Saturday, January 3, 2009

January Doldrums

What happens to the food world once the holidays have passed?  It is commonly accepted as fact that September through December offers New York restaurants their busiest season.  Even summer cannot compare to the pulse that is autumn.  Even in a damaged economy, New Yorkers come out to play. 

But then.  January.  In every restaurant I've ever worked at, January marked the nadir, the financial crush, the true litmus test of a restaurant's durability.  Servers claw at opportunities to stay on the floor while managers scramble to send servers home so that the slices of the pie are bigger for those working.  If you normally work five or six days a week, in January you can expect your work week to come closer to three or four days.  

Notably, this year will be different.  This year will be different because even the most prodigious spenders will be counting their dwindling dollars from the privacy of their own homes.  It's more than a bad economy; it's a sinking ship. 

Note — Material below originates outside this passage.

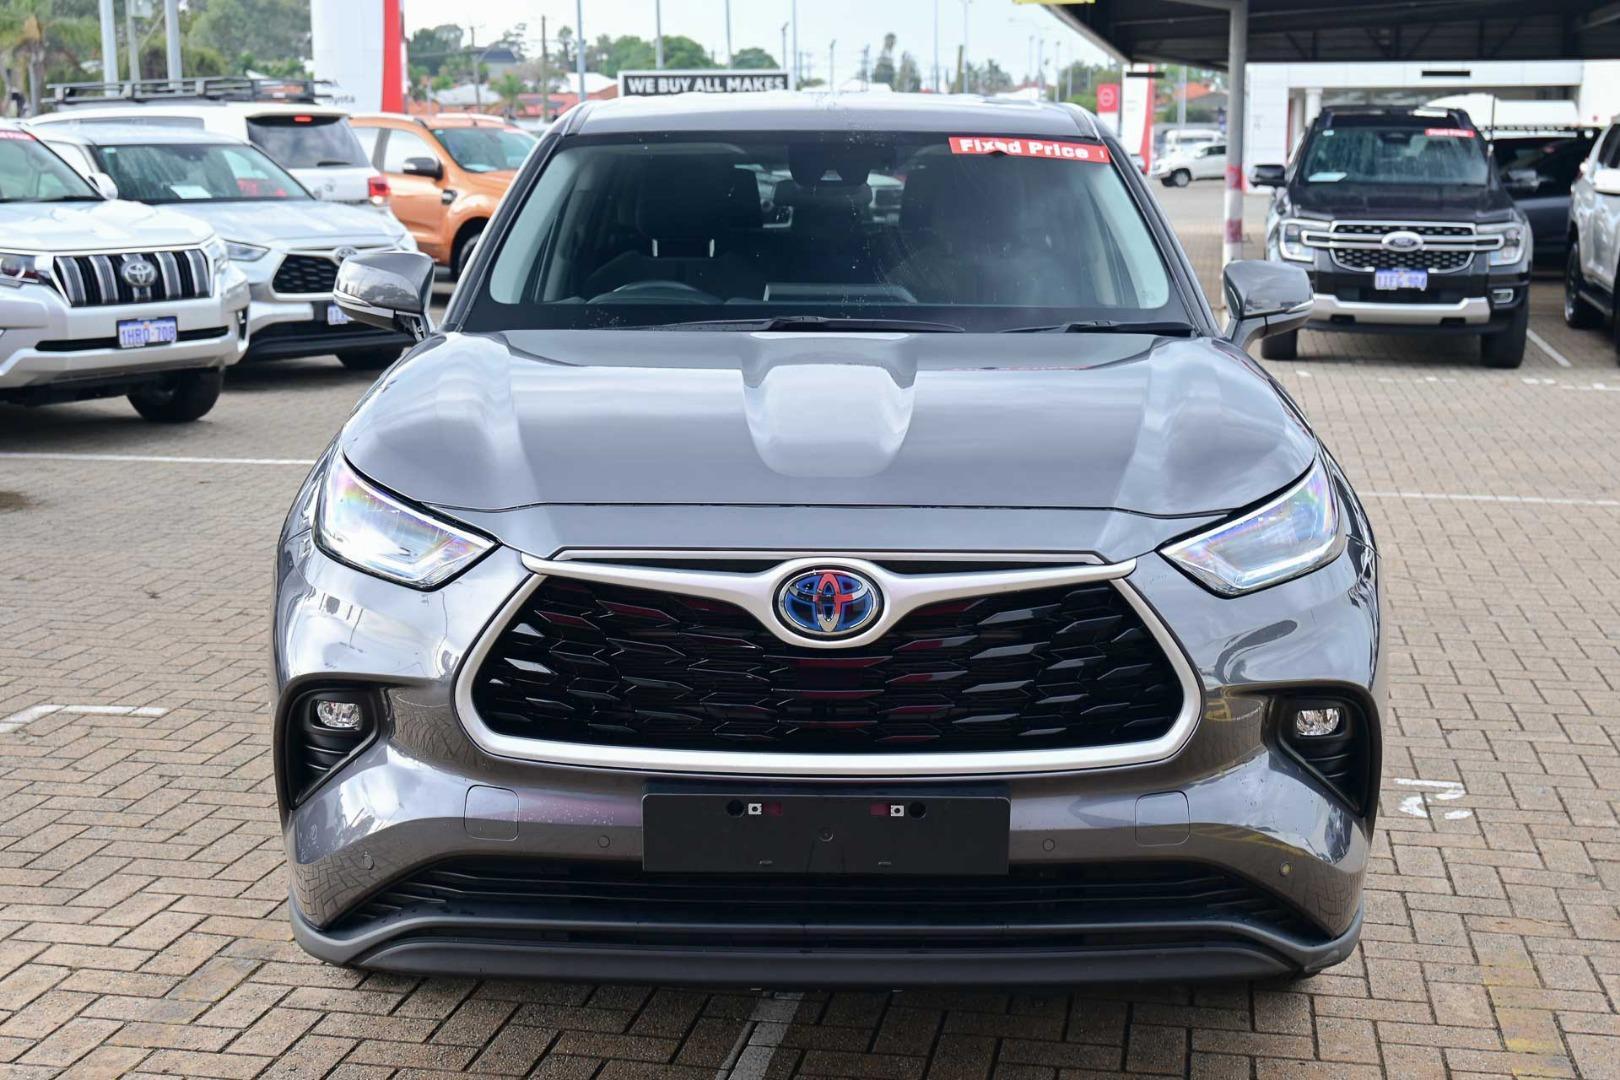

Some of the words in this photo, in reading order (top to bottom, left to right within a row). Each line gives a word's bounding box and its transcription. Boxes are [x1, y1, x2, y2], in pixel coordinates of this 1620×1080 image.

The irony is that what a bad economy requires most is for people to keep spending.  Market crashes and apparitions of disaster scare the public into believing that they should be keeping their savings tied in bundles underneath their mattresses.  Ironically, this mentality only makes things worse.  If bad news encourages even the bravest to fossilize their AmExes, who will introduce capital into the market? 

If investment bankers lose their bonuses and fail to spend money in nice restaurants, servers lose their tips and management loses their ability to afford good product.  And so servers are released back into an ever-growing unemployment market, or restaurants close because the operational costs are too great to buttress with fewer guests.  That's just restaurants.  Forget about the rest of the retail industry, who has already reported that this holiday season was les profitable than any holiday season in the past seven years. 

That will be January's misfortune.  A month that already drags on with its unpleasant weather and lack of holidays and general ennui following the hustle bustle of November and December will now demonstrate how truly damaged we Americans are.  In times like these, is it even appropriate to plan one's next dinner out? 

I say yes.  This is not some ludicrous battle-cry in which I tout the virtues of spending $300 on a perfect kobe steak, but one might argue that changing a lifestyle completely in the face of economic tragedy will only make things worse.  One vote, on the largest scale, means very little, one hundred votes can change the course of history.  One dinner out, in turn, means very little, but one hundred people opting to stay in on a Saturday night means a staggering amount of revenue lost.  You get the picture. 

We will all make provisions for ourselves in the coming year, depending on how severely we have been bludgeoned by the market's collapse.  But let us not forget that a drastic change in how we live will have drastic consequences.  There is a difference between frugality and asceticism and knowing that difference just might change the world.  

Although I will say, for the record, that I have retired my American Express card.  For now, at least.